Qu’est-ce donc qui donne à cette musique un caractère aussi profondément religieux ? Sa nature d’abord, et puis les conditions dans lesquelles elle veut être exécutée. Exclusivement vocale, aucun instrument, pas même l’orgue, ne l’accompagne. Or, on ne saurait trouver entre l’âme et Dieu de plus direct et de plus pur intermédiaire que la voix. De profundis clamavi. C’est toujours un cri humain qui monte le premier de l’abîme. Et puis l’acoustique spéciale des nefs ne convient qu’au chant : dans une église, le plus bel orchestre du monde s’amaigrit et se perd ; quatre voix, au contraire, emplissent les voûtes.
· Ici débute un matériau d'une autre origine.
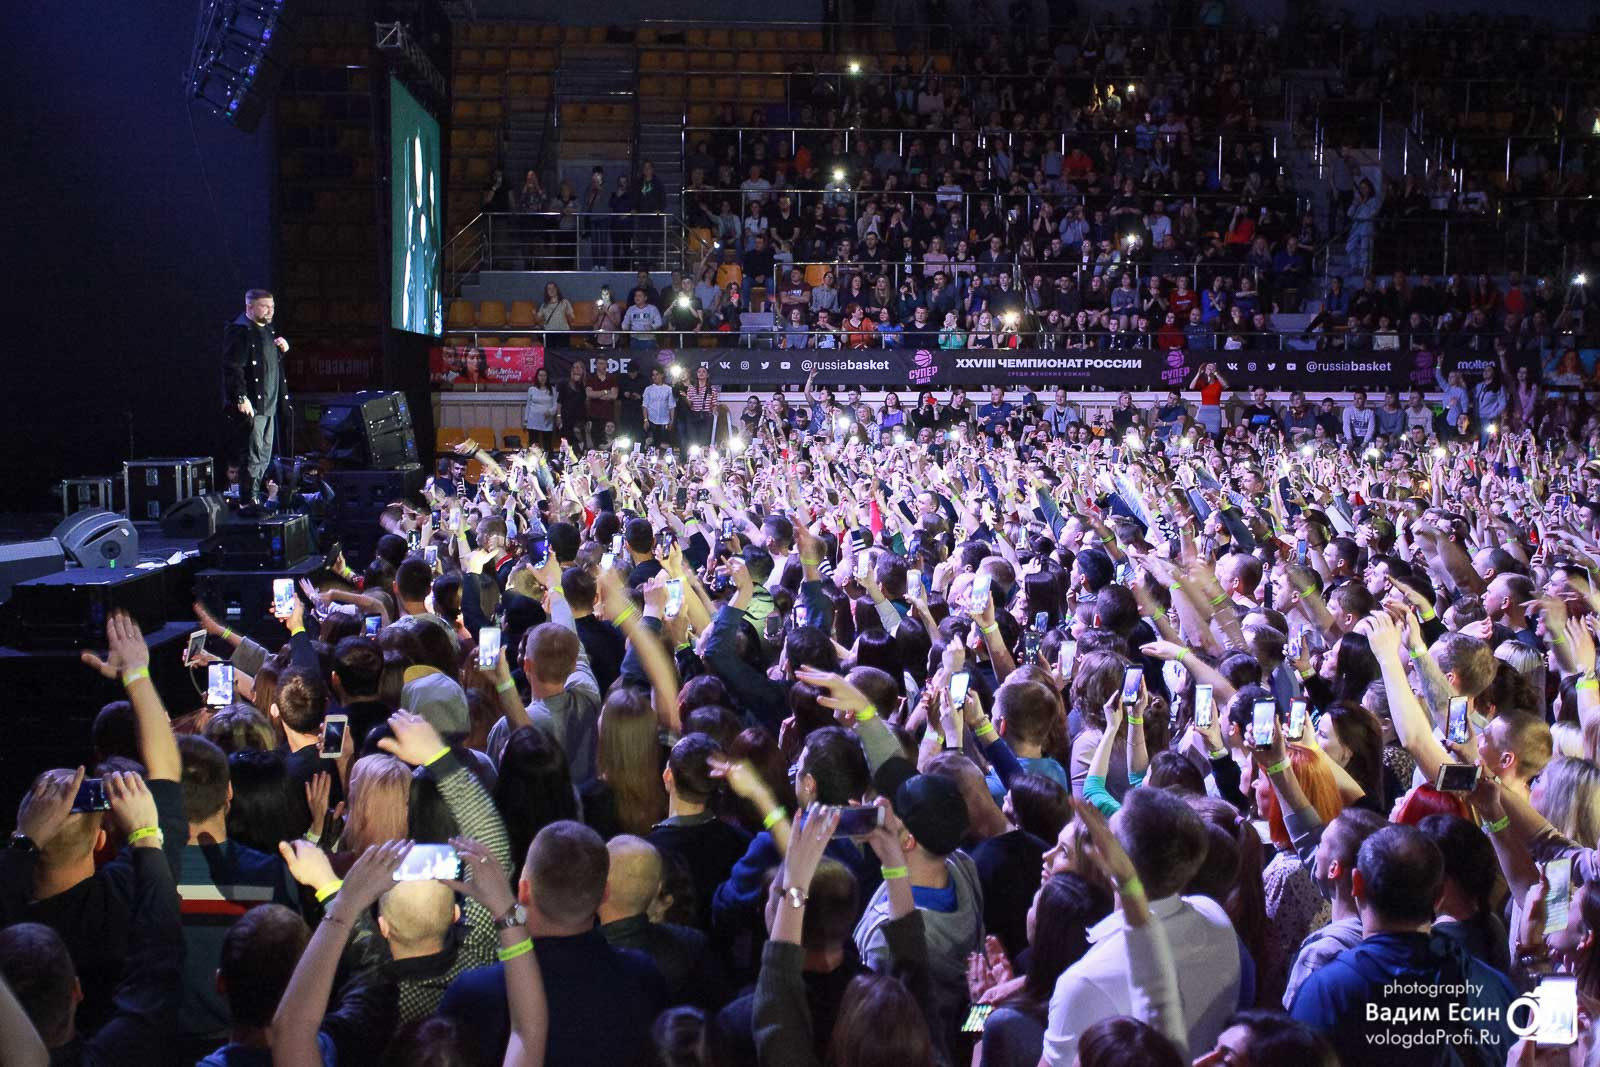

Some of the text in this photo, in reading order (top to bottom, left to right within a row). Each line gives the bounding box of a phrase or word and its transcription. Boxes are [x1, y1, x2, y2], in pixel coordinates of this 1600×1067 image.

[801, 359, 890, 372] @russiabasket
[955, 358, 1142, 369] XXVIII ЧЕМПИОНАТ РОССИИ
[1306, 361, 1392, 373] @russiabasket
[908, 366, 938, 380] СУПЕР
[1161, 367, 1190, 380] СУПЕР
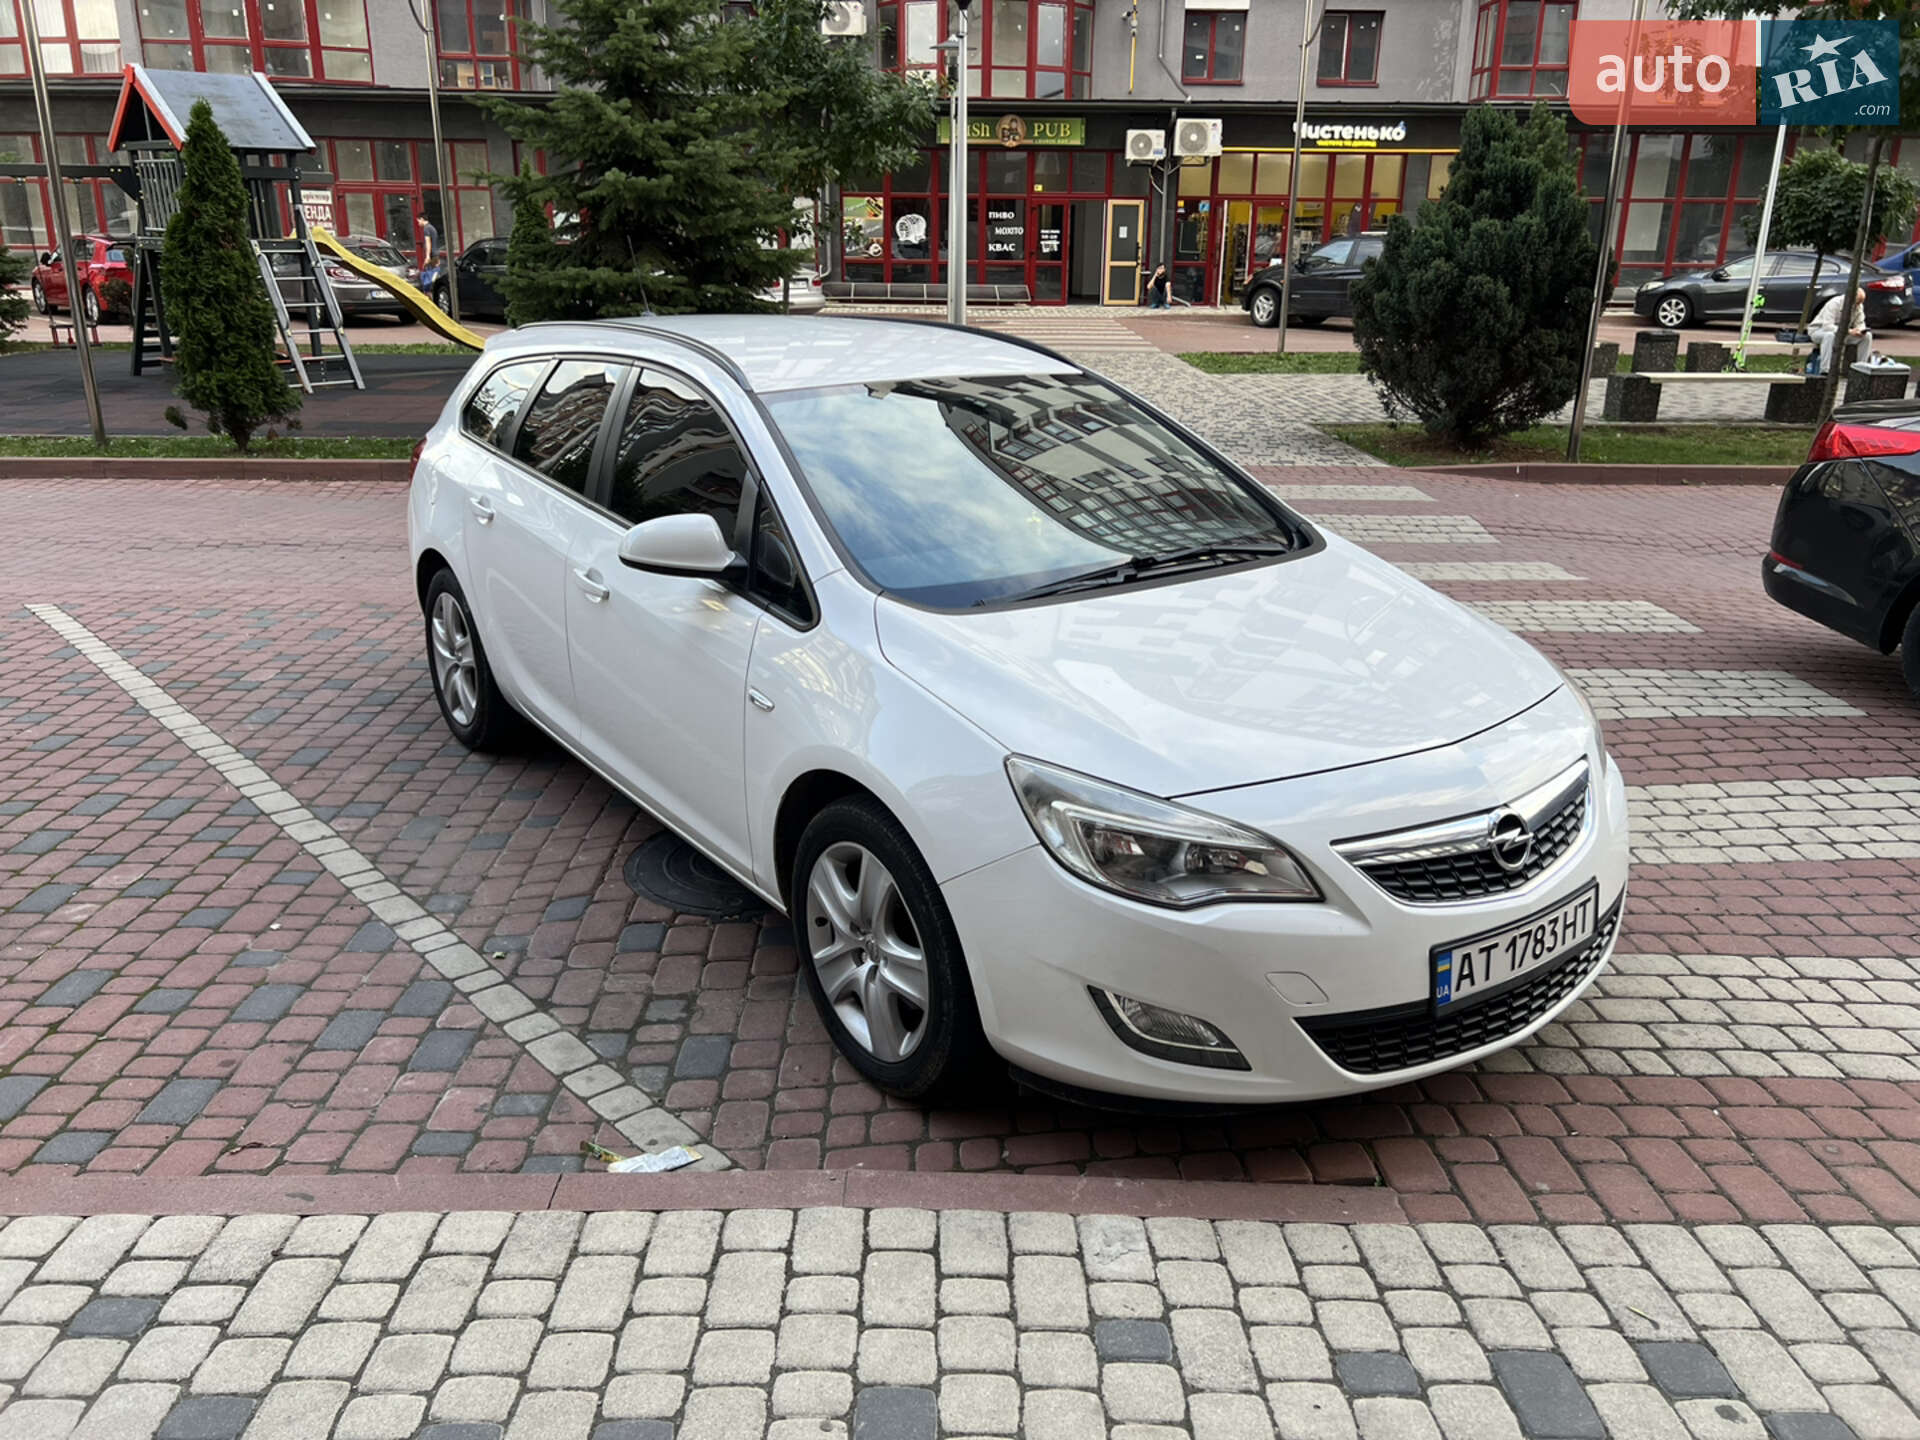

Ces voix, comme les grands maîtres sacrés ont su les employer ! A quelles évolutions, à quelles ondulations lentes ! Comme elles s’épanchent en flots abondans, jamais précipités, qui tour à tour grondent et murmurent 1 Souvent une note commence par résonner seule ; une autre vient se poser à côté d’elle ; puis une autre, une autre encore ; elles forment un accord et le tiennent quelques instans, heureuses de vibrer ensemble et se complaisant dans leur harmonieuse association. Bientôt elles se séparent, suivant chacune son chemin à travers le merveilleux contrepoint où les lignes s’éloignent et se rapprochent, où les couleurs s’opposent et se fondent comme dans une rosace gothique aux vitraux changeans.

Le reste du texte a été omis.